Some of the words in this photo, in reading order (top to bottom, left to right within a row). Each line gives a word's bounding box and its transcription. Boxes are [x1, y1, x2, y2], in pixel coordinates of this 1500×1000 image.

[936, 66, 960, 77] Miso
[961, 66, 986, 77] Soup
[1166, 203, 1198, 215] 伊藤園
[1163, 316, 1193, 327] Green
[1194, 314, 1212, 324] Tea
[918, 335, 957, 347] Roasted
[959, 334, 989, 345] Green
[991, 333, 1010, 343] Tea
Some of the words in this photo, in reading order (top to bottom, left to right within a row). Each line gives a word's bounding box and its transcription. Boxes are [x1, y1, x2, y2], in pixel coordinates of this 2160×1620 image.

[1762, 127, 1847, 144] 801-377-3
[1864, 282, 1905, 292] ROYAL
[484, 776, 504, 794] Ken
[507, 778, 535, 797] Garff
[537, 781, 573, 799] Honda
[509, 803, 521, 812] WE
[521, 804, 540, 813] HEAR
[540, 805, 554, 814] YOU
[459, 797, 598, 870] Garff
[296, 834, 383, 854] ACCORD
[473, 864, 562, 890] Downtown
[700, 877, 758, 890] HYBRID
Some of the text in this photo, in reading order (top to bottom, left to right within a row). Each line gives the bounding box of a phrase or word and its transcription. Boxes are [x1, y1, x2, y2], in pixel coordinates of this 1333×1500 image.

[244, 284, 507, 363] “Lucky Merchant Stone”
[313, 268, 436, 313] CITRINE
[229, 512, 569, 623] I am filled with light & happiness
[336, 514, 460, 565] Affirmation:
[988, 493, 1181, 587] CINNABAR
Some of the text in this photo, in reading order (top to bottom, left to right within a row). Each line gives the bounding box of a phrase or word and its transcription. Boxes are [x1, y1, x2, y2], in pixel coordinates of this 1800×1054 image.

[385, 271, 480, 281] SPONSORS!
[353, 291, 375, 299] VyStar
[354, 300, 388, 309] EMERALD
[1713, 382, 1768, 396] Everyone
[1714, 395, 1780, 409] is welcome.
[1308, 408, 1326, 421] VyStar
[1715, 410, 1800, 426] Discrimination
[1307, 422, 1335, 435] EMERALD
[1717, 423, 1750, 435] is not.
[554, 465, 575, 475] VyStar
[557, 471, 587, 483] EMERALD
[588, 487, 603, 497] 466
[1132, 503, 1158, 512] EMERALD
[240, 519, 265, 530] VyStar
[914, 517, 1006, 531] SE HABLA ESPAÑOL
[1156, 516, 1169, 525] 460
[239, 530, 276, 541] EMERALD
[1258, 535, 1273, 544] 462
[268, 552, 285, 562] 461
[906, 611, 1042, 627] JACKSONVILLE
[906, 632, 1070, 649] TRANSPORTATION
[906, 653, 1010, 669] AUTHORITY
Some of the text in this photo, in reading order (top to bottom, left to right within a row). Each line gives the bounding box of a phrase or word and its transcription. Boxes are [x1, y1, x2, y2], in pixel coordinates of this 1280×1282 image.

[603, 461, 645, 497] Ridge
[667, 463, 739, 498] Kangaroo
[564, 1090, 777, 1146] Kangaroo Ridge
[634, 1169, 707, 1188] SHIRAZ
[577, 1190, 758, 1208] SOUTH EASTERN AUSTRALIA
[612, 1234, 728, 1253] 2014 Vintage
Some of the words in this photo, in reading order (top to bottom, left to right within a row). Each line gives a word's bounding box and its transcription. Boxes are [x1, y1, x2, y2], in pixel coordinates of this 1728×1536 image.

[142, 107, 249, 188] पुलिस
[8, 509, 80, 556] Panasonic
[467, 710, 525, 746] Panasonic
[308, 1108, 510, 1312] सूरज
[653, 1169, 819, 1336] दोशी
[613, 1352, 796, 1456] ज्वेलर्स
################
> [YOUR ASSIGNMENT]: Every entry should be output exactly as written, please.

> [ANSWER BOX]:
Some of the words in this photo, in reading order (top to bottom, left to right within a row). Each line gives a word's bounding box and its transcription. Boxes are [x1, y1, x2, y2], in pixel coordinates of this 1500×1000 image.

[936, 66, 960, 77] Miso
[961, 66, 986, 77] Soup
[1166, 203, 1198, 215] 伊藤園
[1163, 316, 1193, 327] Green
[1194, 314, 1212, 324] Tea
[918, 335, 957, 347] Roasted
[959, 334, 989, 345] Green
[991, 333, 1010, 343] Tea
Some of the words in this photo, in reading order (top to bottom, left to right within a row). Each line gives a word's bounding box and its transcription. Boxes are [x1, y1, x2, y2], in pixel coordinates of this 2160×1620 image.

[1762, 127, 1847, 144] 801-377-3
[1864, 282, 1905, 292] ROYAL
[484, 776, 504, 794] Ken
[507, 778, 535, 797] Garff
[537, 781, 573, 799] Honda
[509, 803, 521, 812] WE
[521, 804, 540, 813] HEAR
[540, 805, 554, 814] YOU
[459, 797, 598, 870] Garff
[296, 834, 383, 854] ACCORD
[473, 864, 562, 890] Downtown
[700, 877, 758, 890] HYBRID
Some of the text in this photo, in reading order (top to bottom, left to right within a row). Each line gives the bounding box of a phrase or word and its transcription. Boxes are [x1, y1, x2, y2], in pixel coordinates of this 1333×1500 image.

[244, 284, 507, 363] “Lucky Merchant Stone”
[313, 268, 436, 313] CITRINE
[229, 512, 569, 623] I am filled with light & happiness
[336, 514, 460, 565] Affirmation:
[988, 493, 1181, 587] CINNABAR
Some of the text in this photo, in reading order (top to bottom, left to right within a row). Each line gives the bounding box of a phrase or word and its transcription. Boxes are [x1, y1, x2, y2], in pixel coordinates of this 1800×1054 image.

[385, 271, 480, 281] SPONSORS!
[353, 291, 375, 299] VyStar
[354, 300, 388, 309] EMERALD
[1713, 382, 1768, 396] Everyone
[1714, 395, 1780, 409] is welcome.
[1308, 408, 1326, 421] VyStar
[1715, 410, 1800, 426] Discrimination
[1307, 422, 1335, 435] EMERALD
[1717, 423, 1750, 435] is not.
[554, 465, 575, 475] VyStar
[557, 471, 587, 483] EMERALD
[588, 487, 603, 497] 466
[1132, 503, 1158, 512] EMERALD
[240, 519, 265, 530] VyStar
[914, 517, 1006, 531] SE HABLA ESPAÑOL
[1156, 516, 1169, 525] 460
[239, 530, 276, 541] EMERALD
[1258, 535, 1273, 544] 462
[268, 552, 285, 562] 461
[906, 611, 1042, 627] JACKSONVILLE
[906, 632, 1070, 649] TRANSPORTATION
[906, 653, 1010, 669] AUTHORITY
Some of the text in this photo, in reading order (top to bottom, left to right within a row). Each line gives the bounding box of a phrase or word and its transcription. Boxes are [x1, y1, x2, y2], in pixel coordinates of this 1280×1282 image.

[603, 461, 645, 497] Ridge
[667, 463, 739, 498] Kangaroo
[564, 1090, 777, 1146] Kangaroo Ridge
[634, 1169, 707, 1188] SHIRAZ
[577, 1190, 758, 1208] SOUTH EASTERN AUSTRALIA
[612, 1234, 728, 1253] 2014 Vintage
Some of the words in this photo, in reading order (top to bottom, left to right within a row). Each line gives a word's bounding box and its transcription. Boxes are [x1, y1, x2, y2], in pixel coordinates of this 1728×1536 image.

[142, 107, 249, 188] पुलिस
[8, 509, 80, 556] Panasonic
[467, 710, 525, 746] Panasonic
[308, 1108, 510, 1312] सूरज
[653, 1169, 819, 1336] दोशी
[613, 1352, 796, 1456] ज्वेलर्स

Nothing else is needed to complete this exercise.